The Jouissance of Transgression: Lacan and Crime
Benjamin N. Cardozo School of Law, Yeshiva University
Sunday-Monday, March 10-11, 2002
The event will be held at Benjamin N. Cardozo School of Law
55 Fifth Avenue (at 12th St), NYC
We live in a time when new forms of violence are emerging. The September 11th attack on the United States revealed an unrecognized willingness of terrorists to sacrifice their own lives in order to hurt their "enemies." In the last decade, national conflicts around the globe have resulted in the most brutal forms of torture against civilian populations. In our daily lives, we increasingly hear of brutal crimes committed by young
children and teenagers and between parents and children. The most shocking observation is that many people do not even attempt to give an excuse for why they commit crime, other than for the pure joy of it.

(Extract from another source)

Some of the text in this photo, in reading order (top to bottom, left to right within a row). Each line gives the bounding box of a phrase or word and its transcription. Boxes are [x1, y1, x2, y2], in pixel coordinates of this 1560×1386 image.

In the mid-twentieth century, French psychoanalyst Jacques Lacan developed a startlingly novel school of psychoanalysis by integrating Freudian theory within the context of the Continental speculative philosophical tradition. Lacan suggests that there is a particular jouissance experienced in crime. Participants at this unique conference will ask how the logic of jouissance can explain violence against oneself and others. Leading scholars from many disciplines, including law, philosophy, literary and critical theory, and anthropology, as well as practicing
psychoanalytic clinicians will consider the interrelationship between jouissance, crime, and law.

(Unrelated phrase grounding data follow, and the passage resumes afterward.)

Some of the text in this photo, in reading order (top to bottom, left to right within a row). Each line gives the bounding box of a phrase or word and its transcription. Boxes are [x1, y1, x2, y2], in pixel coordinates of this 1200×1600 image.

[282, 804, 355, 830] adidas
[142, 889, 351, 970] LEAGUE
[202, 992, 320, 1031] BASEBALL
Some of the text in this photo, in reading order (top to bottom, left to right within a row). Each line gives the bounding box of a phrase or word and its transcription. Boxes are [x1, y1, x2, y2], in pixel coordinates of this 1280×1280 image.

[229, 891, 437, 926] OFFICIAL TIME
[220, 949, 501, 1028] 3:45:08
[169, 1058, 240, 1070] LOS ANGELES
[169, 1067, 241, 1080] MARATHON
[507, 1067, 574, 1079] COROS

Psychoanalysis claims that certain primal prohibitions form the basis of the moral law that governs not only social norms but also a subject's inner self. What is the link between these external and internal norms? Paradoxically, the law that society imposes onto the subject does not necessarily limit the subject's behavior-sometimes the subject commits the crime precisely to escape the pressure and feelings of guilt that arise
from his or her inner prohibitions. Crime and guilt are revealed as the founding conditions of law. Can psychoanalysis illuminate the subject's relation to legal punishment? And do lawyers need to know about psychoanalysis in order to better perform their jobs?